A pacifier has a narrow base, so baby doesn’t have to open his lips wide as he takes it into his mouth. When he applies what he has learned from the pacifier to the breast, the result can be poor latch-on techniques and sore nipples. Pacifier use can also cause you to inadvertently limit the amount of time at the breast, interfering with your milk supply. We advise you to avoid all artificial nipples, both bottles and pacifiers, until your newborn learns to latch-on efficiently and you have a good milk supply -- i.e., until at least four to six weeks postpartum. If your own nipples are wearing out (or the mom they are attached to is worn out), offer your baby a finger to suck, or better yet, get dad or someone else to give you a break. When your baby sucks on an adult finger for comfort, the skin-to-skin element is still there, and your index finger (or dad’s little finger) can be placed further back in baby’s mouth than a pacifier, simulating sucking at the breast. Many of our insatiable suckers have been soothed by sucking on Dr. Bill’s well-scrubbed pinky. Or try alternative methods of comforting your baby: walking, babywearing, patting her back, enjoying a warm fuzzy with dad. You want your baby to learn to seek comfort from people, not plastic.

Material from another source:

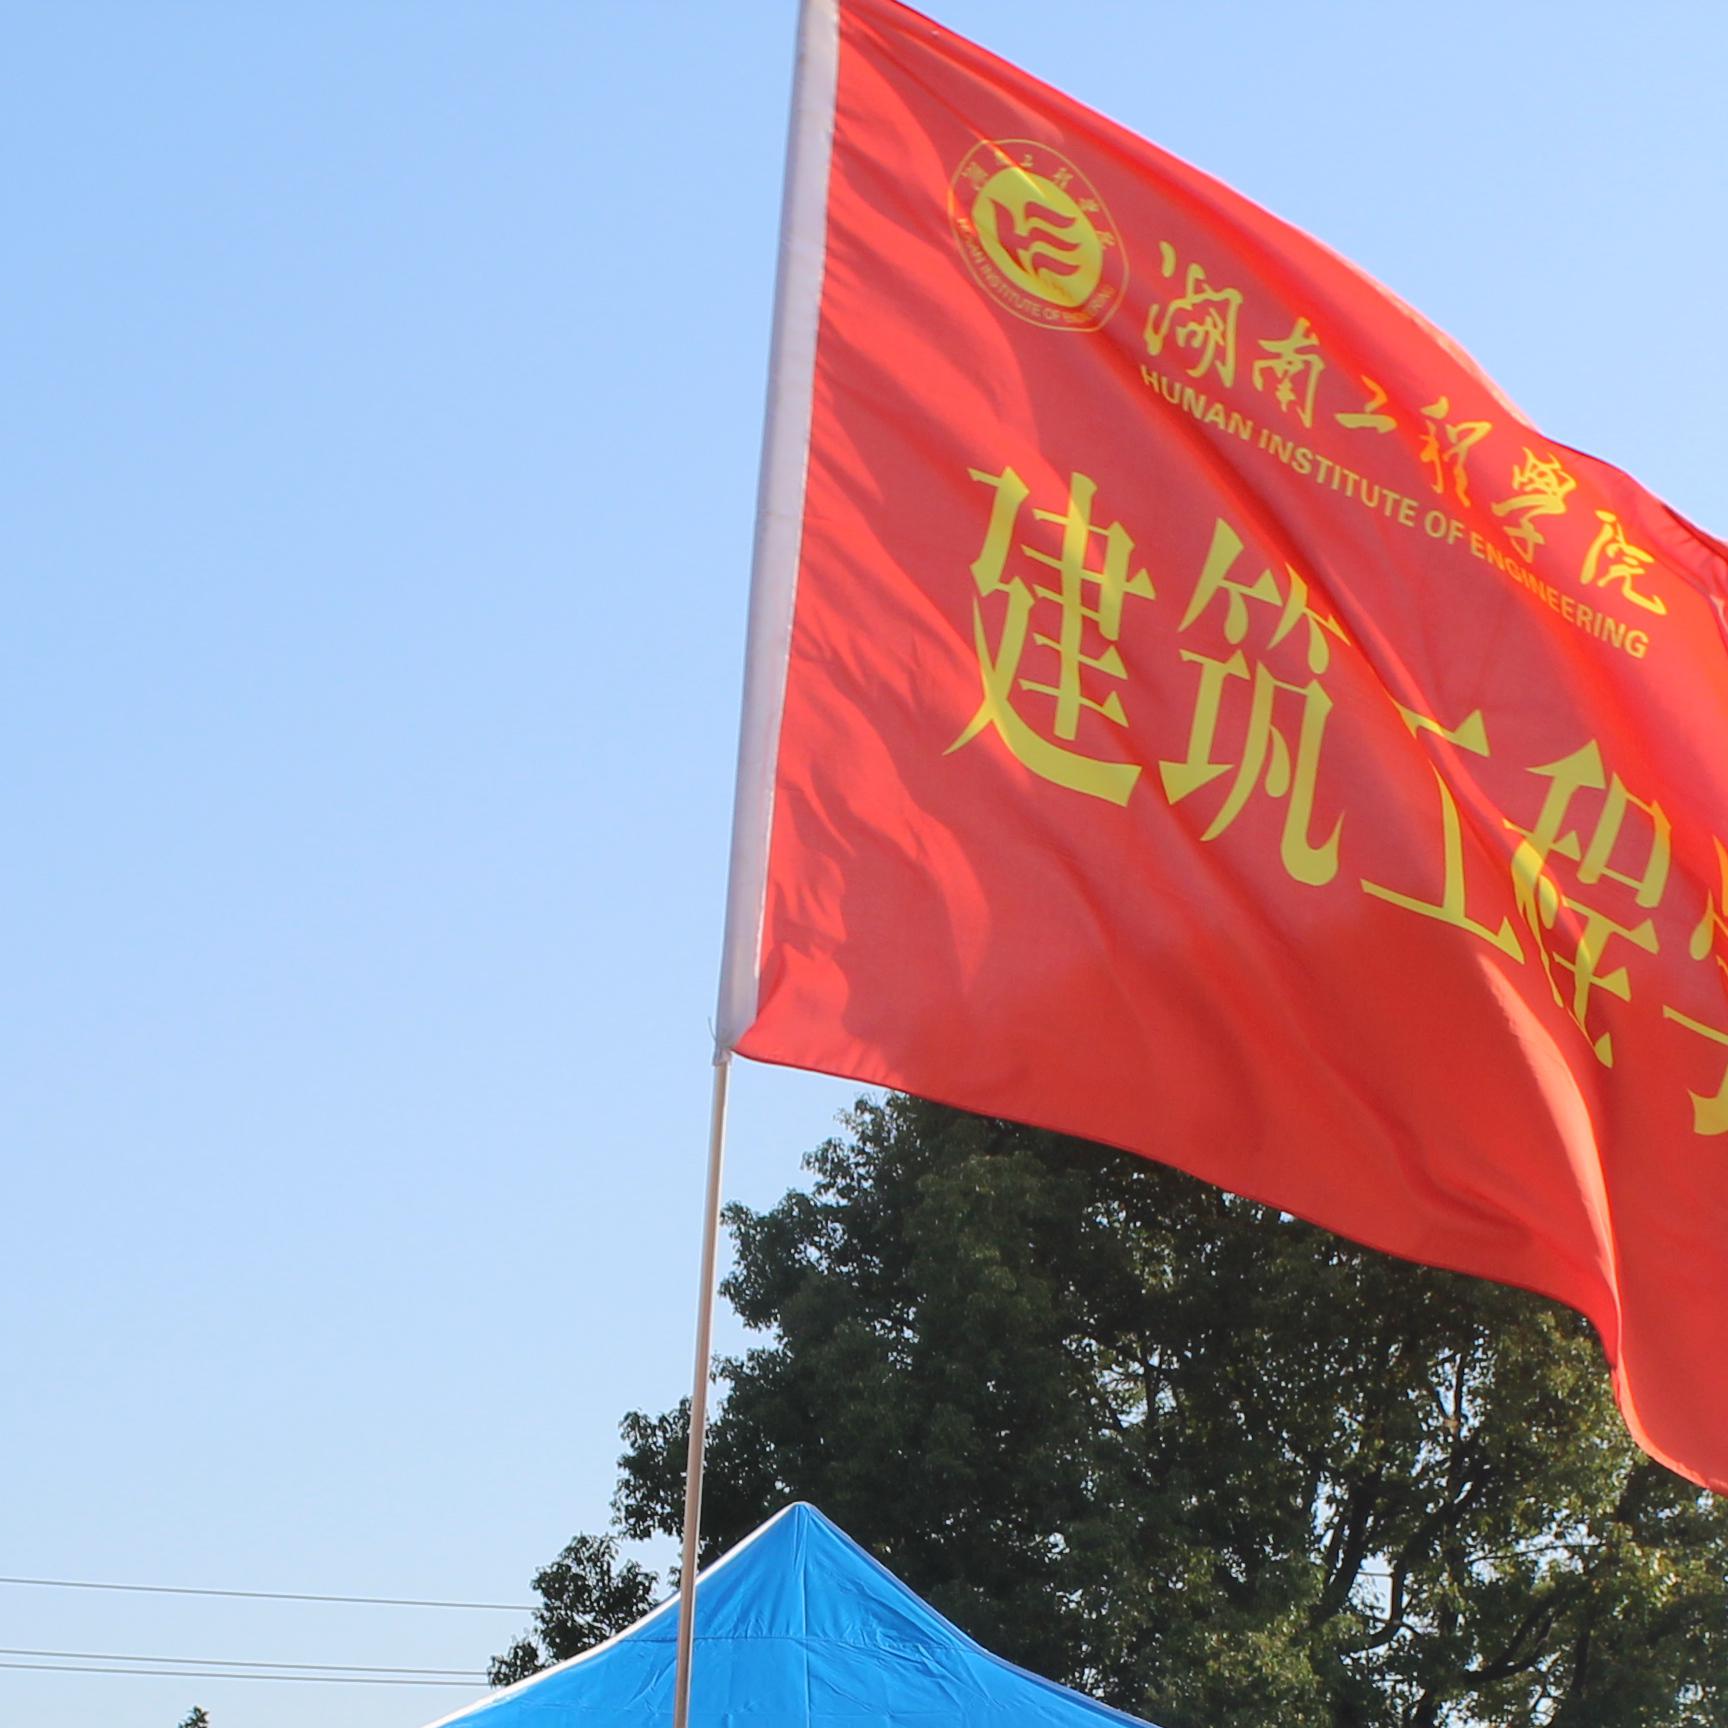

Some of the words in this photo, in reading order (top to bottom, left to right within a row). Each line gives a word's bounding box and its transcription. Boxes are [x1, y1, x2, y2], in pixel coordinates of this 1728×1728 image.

[1140, 363, 1256, 443] HUNAN
[1258, 428, 1417, 527] INSTITUTE
[1423, 509, 1466, 545] OF
[1470, 530, 1650, 660] ENGINEERING

Pacifiers are helpful for babies who have intense sucking needs and when the rubber sub is used in addition to, not as a substitute for, human nurturing. If baby is finished nursing but needs more sucking and won’t accept finger sucking, a pacifier may keep the peace.

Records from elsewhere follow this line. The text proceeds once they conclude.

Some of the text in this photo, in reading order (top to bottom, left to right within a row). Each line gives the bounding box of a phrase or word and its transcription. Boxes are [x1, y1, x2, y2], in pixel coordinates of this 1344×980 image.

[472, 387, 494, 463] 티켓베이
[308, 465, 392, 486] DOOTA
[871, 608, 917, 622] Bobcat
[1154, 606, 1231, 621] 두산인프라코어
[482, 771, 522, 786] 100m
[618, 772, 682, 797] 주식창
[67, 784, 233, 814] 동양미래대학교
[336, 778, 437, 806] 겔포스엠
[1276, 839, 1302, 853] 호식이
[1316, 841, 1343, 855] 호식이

To wean your toddler from the pacifier, try the trade-in technique. Take your child to his favorite toy store and "trade" the pacifier for a chosen toy (toystore clerks are used to this game). To help your child’s chapped lips, use an emollient that acts as a barrier cream to prevent chapped lips, such as an ultra-pure lanolin ointment, called Lansinoh, available at pharmacies and Walmart stores.

When possible, a person should always be at the other end of a comforting tool. Try not to fall into the habit of just plugging up the source of the cries. When baby cries, if you find yourself, by reflex, reaching for the pacifier instead of reaching for your baby, pull the plug. In a nutshell, if you have a baby who seems generally more comfortable with a pacifier, then use it, but don’t abuse it, and quickly try to lose it.